**INSTRUCTIONS TO FOLLOW**
From the first line to the last, write out the records below exactly as they appear.

....

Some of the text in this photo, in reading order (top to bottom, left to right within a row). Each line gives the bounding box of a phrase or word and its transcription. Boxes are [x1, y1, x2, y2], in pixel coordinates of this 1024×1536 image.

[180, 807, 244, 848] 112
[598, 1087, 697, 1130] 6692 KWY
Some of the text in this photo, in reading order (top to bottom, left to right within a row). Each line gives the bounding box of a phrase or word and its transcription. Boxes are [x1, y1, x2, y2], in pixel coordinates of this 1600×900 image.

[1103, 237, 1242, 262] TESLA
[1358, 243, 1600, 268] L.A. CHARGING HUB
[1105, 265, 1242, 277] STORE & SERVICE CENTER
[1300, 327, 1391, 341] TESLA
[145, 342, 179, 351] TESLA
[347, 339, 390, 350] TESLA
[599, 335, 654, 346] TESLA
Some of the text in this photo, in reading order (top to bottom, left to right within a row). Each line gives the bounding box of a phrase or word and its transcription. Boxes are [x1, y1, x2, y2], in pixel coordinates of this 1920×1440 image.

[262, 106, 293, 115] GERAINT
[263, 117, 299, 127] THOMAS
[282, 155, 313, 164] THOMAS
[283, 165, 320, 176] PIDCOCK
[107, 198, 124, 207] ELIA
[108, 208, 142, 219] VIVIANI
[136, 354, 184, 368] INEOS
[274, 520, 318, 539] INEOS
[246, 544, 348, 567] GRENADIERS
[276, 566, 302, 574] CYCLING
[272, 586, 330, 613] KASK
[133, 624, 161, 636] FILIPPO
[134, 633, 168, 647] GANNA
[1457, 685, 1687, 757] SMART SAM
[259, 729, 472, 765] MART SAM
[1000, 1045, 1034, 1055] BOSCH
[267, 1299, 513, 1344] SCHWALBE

....

**COMPLETED TASK**
Some of the text in this photo, in reading order (top to bottom, left to right within a row). Each line gives the bounding box of a phrase or word and its transcription. Boxes are [x1, y1, x2, y2], in pixel coordinates of this 1024×1536 image.

[180, 807, 244, 848] 112
[598, 1087, 697, 1130] 6692 KWY
Some of the text in this photo, in reading order (top to bottom, left to right within a row). Each line gives the bounding box of a phrase or word and its transcription. Boxes are [x1, y1, x2, y2], in pixel coordinates of this 1600×900 image.

[1103, 237, 1242, 262] TESLA
[1358, 243, 1600, 268] L.A. CHARGING HUB
[1105, 265, 1242, 277] STORE & SERVICE CENTER
[1300, 327, 1391, 341] TESLA
[145, 342, 179, 351] TESLA
[347, 339, 390, 350] TESLA
[599, 335, 654, 346] TESLA
Some of the text in this photo, in reading order (top to bottom, left to right within a row). Each line gives the bounding box of a phrase or word and its transcription. Boxes are [x1, y1, x2, y2], in pixel coordinates of this 1920×1440 image.

[262, 106, 293, 115] GERAINT
[263, 117, 299, 127] THOMAS
[282, 155, 313, 164] THOMAS
[283, 165, 320, 176] PIDCOCK
[107, 198, 124, 207] ELIA
[108, 208, 142, 219] VIVIANI
[136, 354, 184, 368] INEOS
[274, 520, 318, 539] INEOS
[246, 544, 348, 567] GRENADIERS
[276, 566, 302, 574] CYCLING
[272, 586, 330, 613] KASK
[133, 624, 161, 636] FILIPPO
[134, 633, 168, 647] GANNA
[1457, 685, 1687, 757] SMART SAM
[259, 729, 472, 765] MART SAM
[1000, 1045, 1034, 1055] BOSCH
[267, 1299, 513, 1344] SCHWALBE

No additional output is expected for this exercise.